## Problem description
Print every record below exactly, minus the pictures.

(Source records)
Segment Open
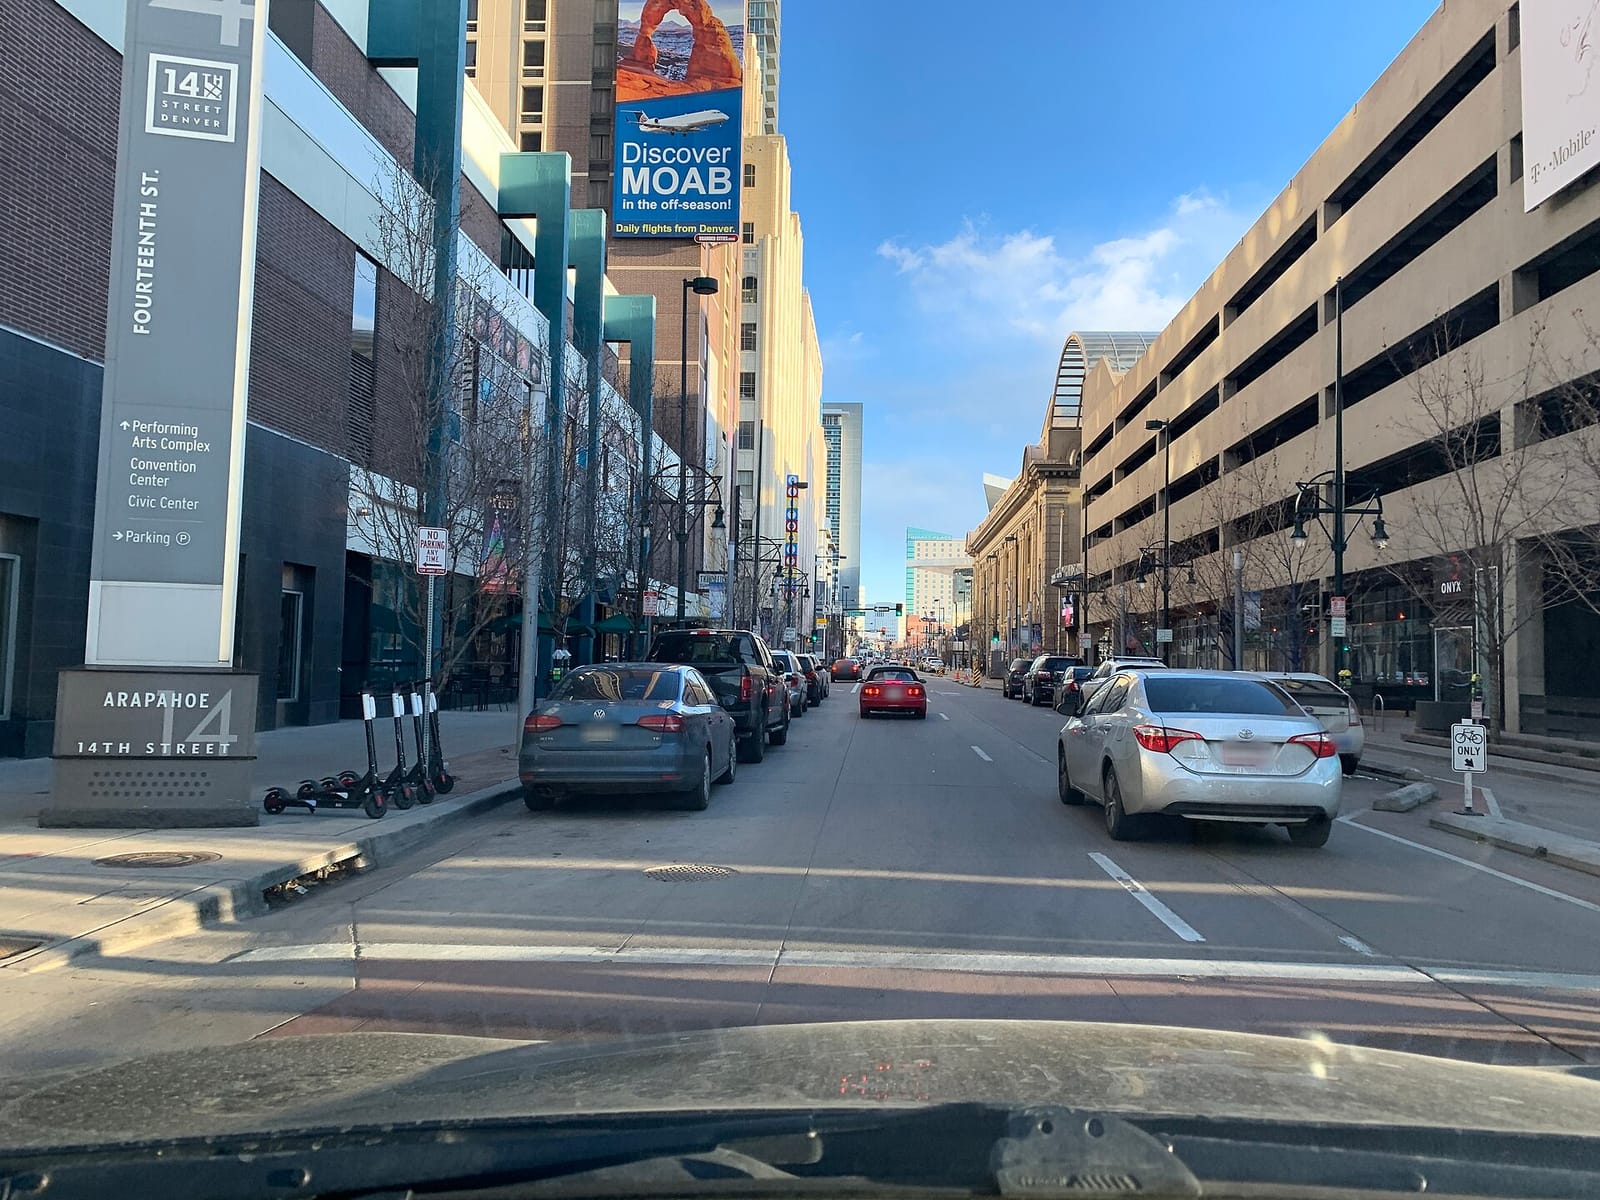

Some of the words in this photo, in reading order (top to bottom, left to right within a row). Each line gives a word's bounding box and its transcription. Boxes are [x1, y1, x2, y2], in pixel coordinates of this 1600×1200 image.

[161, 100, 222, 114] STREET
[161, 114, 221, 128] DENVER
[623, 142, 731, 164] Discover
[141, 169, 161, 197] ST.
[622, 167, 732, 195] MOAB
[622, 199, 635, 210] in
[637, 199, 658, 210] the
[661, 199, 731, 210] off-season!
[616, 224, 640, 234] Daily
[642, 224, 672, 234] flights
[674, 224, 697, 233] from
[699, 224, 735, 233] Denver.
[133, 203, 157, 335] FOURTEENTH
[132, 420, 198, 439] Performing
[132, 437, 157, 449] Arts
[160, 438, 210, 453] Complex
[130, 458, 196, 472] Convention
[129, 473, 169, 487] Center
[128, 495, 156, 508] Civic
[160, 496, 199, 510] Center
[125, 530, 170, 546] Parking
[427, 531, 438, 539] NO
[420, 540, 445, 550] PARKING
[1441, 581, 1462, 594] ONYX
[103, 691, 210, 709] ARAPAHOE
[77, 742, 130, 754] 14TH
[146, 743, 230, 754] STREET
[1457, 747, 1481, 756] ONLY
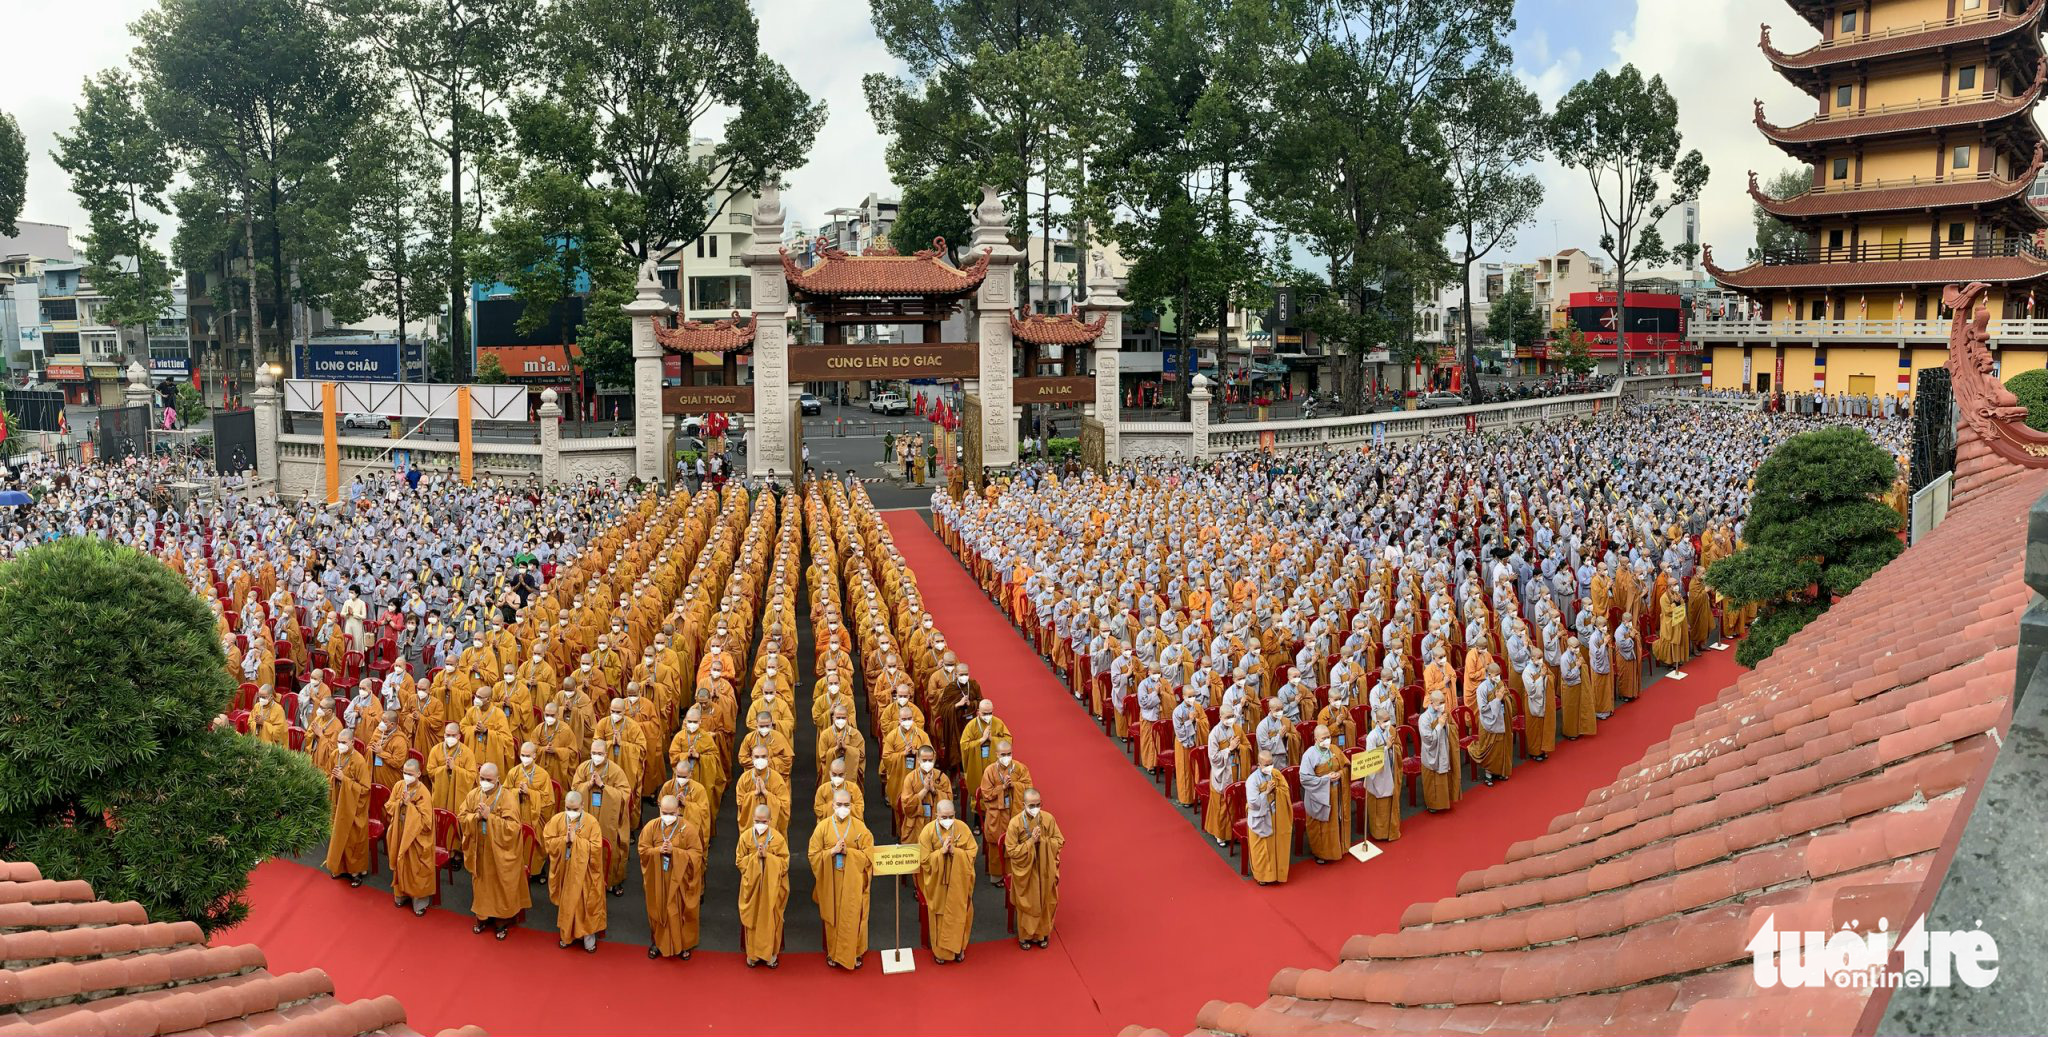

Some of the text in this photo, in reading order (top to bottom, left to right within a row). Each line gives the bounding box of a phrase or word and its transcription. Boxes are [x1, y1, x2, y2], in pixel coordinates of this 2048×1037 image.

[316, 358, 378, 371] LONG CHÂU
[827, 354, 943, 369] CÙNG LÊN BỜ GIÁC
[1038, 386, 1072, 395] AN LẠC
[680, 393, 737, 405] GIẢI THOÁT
Segment Closed
## Result for this task
Some of the words in this photo, in reading order (top to bottom, left to right within a row). Each line gives a word's bounding box and its transcription. Boxes are [x1, y1, x2, y2], in pixel coordinates of this 1600×1200 image.

[161, 100, 222, 114] STREET
[161, 114, 221, 128] DENVER
[623, 142, 731, 164] Discover
[141, 169, 161, 197] ST.
[622, 167, 732, 195] MOAB
[622, 199, 635, 210] in
[637, 199, 658, 210] the
[661, 199, 731, 210] off-season!
[616, 224, 640, 234] Daily
[642, 224, 672, 234] flights
[674, 224, 697, 233] from
[699, 224, 735, 233] Denver.
[133, 203, 157, 335] FOURTEENTH
[132, 420, 198, 439] Performing
[132, 437, 157, 449] Arts
[160, 438, 210, 453] Complex
[130, 458, 196, 472] Convention
[129, 473, 169, 487] Center
[128, 495, 156, 508] Civic
[160, 496, 199, 510] Center
[125, 530, 170, 546] Parking
[427, 531, 438, 539] NO
[420, 540, 445, 550] PARKING
[1441, 581, 1462, 594] ONYX
[103, 691, 210, 709] ARAPAHOE
[77, 742, 130, 754] 14TH
[146, 743, 230, 754] STREET
[1457, 747, 1481, 756] ONLY

Some of the text in this photo, in reading order (top to bottom, left to right within a row). Each line gives the bounding box of a phrase or word and its transcription. Boxes are [x1, y1, x2, y2], in pixel coordinates of this 2048×1037 image.

[316, 358, 378, 371] LONG CHÂU
[827, 354, 943, 369] CÙNG LÊN BỜ GIÁC
[1038, 386, 1072, 395] AN LẠC
[680, 393, 737, 405] GIẢI THOÁT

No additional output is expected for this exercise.